If you want to make jokes about AIDS, please at least have earned it.
Several years ago, I remember watching a skit done by Dave Ilku of my beloved comedy trio Unitard, whose other two performers are my brilliant friends Mike Albo and Nora Burns. If you’ve seen Unitard before, you know that they’re quite irreverent, sometimes edgily so, and very talented at skewering some of the vapidness and pretentiousness of the gay community. In this particular skit, Ilku, who is a physical comedy genius whose facial expressions and voices alone can send me into paroxysms of laughter, did a 30-second wordless mime routine of a gay guy getting fucked in the ass, getting sick and then dying—of AIDS, obviously.
Upon the dying moment, I laughed in that groaning, gratifyingly shocked “Oh, no, he didn’t!” kind of way. I’ll admit that, as someone who, by that time, had lived with HIV for many years—but, I should stress, never in the pre-cocktail era of sickness and constant fear of death—I felt a bit poked, called out, by the skit. After all, I was one of those gays who’d taken it up the ass without a condom, which led to that notorious knock-out flu, which—prior to the cocktail era—might very well have led to my untimely end, as it does in the skit.
But the skit was still hilarious to me—the main reason being, that it had come from gay comics who I knew had lost at least a few friends to AIDS, or at least helped them through their diagnoses, in their many years in NYC’s urban gay community of the 1980s and 1990s. The skit hit that sweet spot where it’s so wrong that it’s perfect, mainly because it’s coming from people who get it and had somehow earned the right to make a joke in that realm.

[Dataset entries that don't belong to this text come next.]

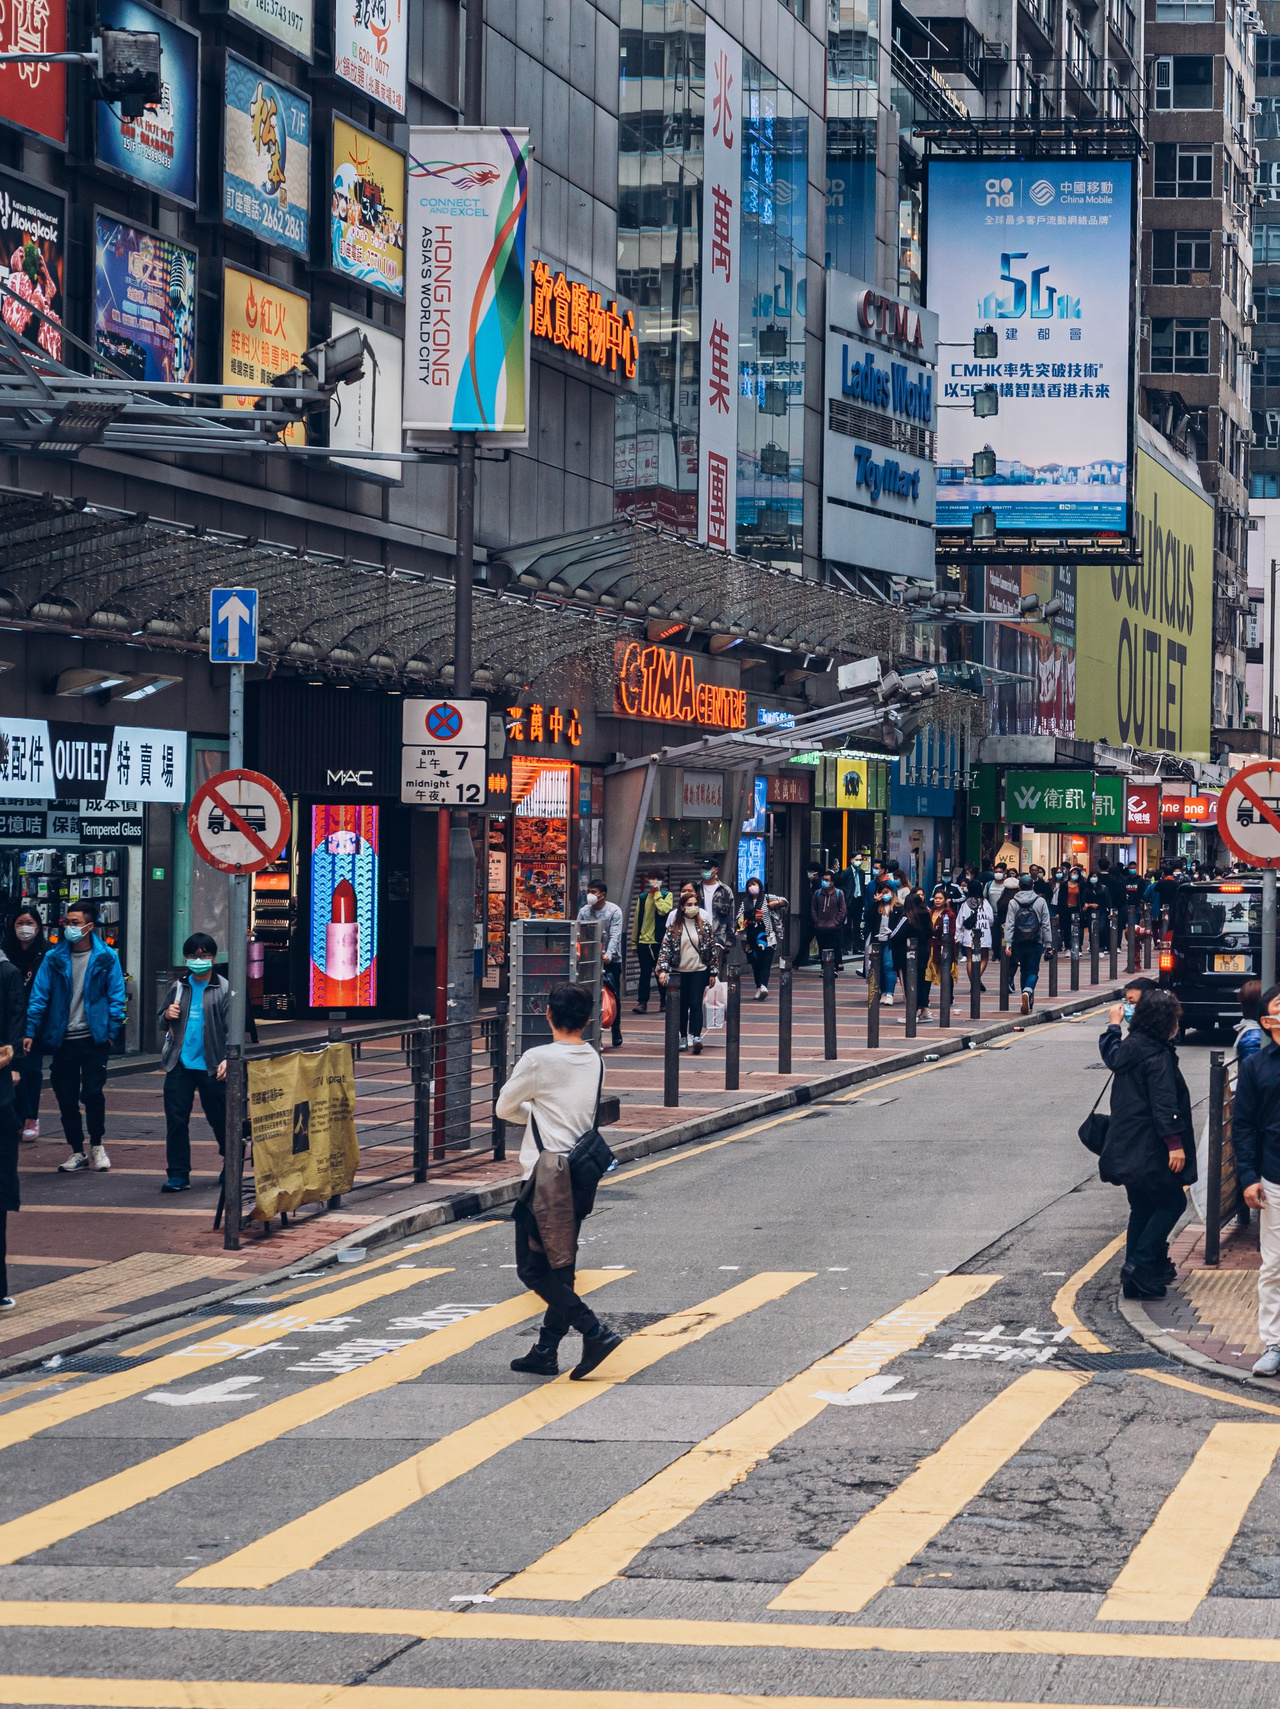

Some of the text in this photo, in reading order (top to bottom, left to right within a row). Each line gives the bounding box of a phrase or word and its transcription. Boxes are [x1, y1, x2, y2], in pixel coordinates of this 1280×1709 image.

[288, 12, 303, 32] 1977
[358, 46, 373, 68] 6201
[1060, 181, 1113, 195] 中國移動
[419, 198, 480, 208] CONNECT
[1060, 195, 1113, 204] China Mobile
[430, 207, 489, 217] AND EXCEL
[11, 214, 58, 243] Mongkok
[418, 226, 432, 385] ASIA'S WORLD CITY
[431, 226, 453, 386] HONG KONG
[707, 49, 734, 551] 兆萬集團
[260, 297, 287, 341] 紅火
[531, 260, 639, 379] 飲食購物中心
[858, 289, 925, 349] CTMA
[974, 327, 1082, 341] 建都會
[841, 343, 933, 423] Ladies World
[944, 383, 1110, 399] 以5G構智慧香港未來
[620, 642, 747, 728] CTMA CENTRE
[1117, 617, 1187, 753] OUTLET
[55, 740, 108, 781] OUTLET
[117, 740, 174, 788] 特賣場
[416, 758, 441, 770] 上午
[455, 751, 469, 771] 7
[406, 779, 450, 789] midnight
[456, 784, 480, 803] 12
[415, 789, 440, 801] 午夜
[1043, 788, 1086, 810] 衛訊
[1185, 804, 1204, 813] one
[82, 822, 142, 839] Tempered Glass
[1220, 963, 1239, 971] 169
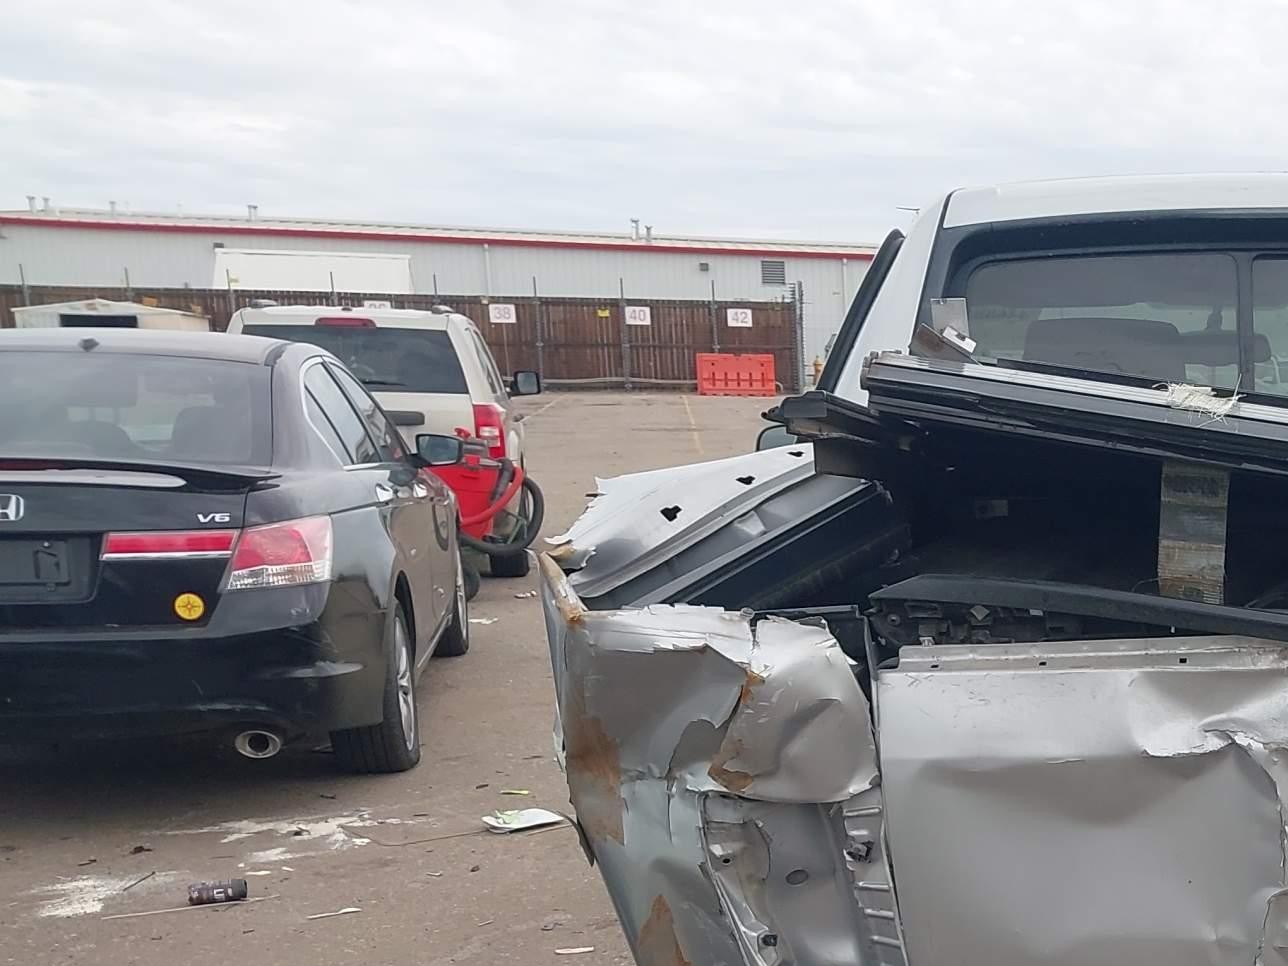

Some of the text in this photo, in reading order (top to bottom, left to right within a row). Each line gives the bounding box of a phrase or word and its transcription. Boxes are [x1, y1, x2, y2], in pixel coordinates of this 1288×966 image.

[493, 307, 511, 320] 38
[628, 309, 647, 322] 40
[731, 311, 749, 324] 42
[196, 512, 231, 523] V6

When people who’ve been through something, or are truly adjacent to having been through something, and make a joke about it, it’s funny, because we understand it’s a kind of rebellion, a catharsis—daring to make light of something that has given their world a lot of grief. It’s like when Joan Rivers made Holocaust jokes. No way did Joan, born in 1933, grow up without knowing how heavily the Holocaust must have weighed on her Jewish family and community. Hence, she had the currency to make the joke. (And yes, I realize that, as a Gentile, it’s slightly presumptuous of me even to say that!)
All of this brings me around to the brilliant Black straight comedian Dave Chappelle. Last night, I was talking to a friend of mine who is also gay, my age, living with HIV—and, like me, can have a pretty sick and inappropriate sense of humor. (Hence why we’re friends.)

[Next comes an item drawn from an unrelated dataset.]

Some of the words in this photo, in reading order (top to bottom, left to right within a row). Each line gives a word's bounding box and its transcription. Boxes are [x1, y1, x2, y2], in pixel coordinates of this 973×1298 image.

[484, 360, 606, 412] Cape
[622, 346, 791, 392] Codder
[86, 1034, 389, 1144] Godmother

We were talking about Chappelle’s latest round of offending people by making jokes at the expense of gay and transgender people—particularly transgender people. I’ll admit this much—I have zero patience for anyone, including a comedian, making jokes about a group not only that they don’t belong to and know nothing about, but a group that regularly suffers violence rooted in precisely the same sort of “you’re not real, hence I can treat you however I want” hostility that Chappelle demonstrates when he, say, compares the surgicalized genitalia of trans people to fake meat.
Some have defended Chappelle by pointing out that he let the white trans performer Daphne Dorman open for him in 2019. Dorman later killed herself. Does Chappelle not understand the link between the relentless cruelty of his anti-trans rants and the fact that trans folks have higher-than-average suicide rates (not to mention dramatically higher homicide rates)?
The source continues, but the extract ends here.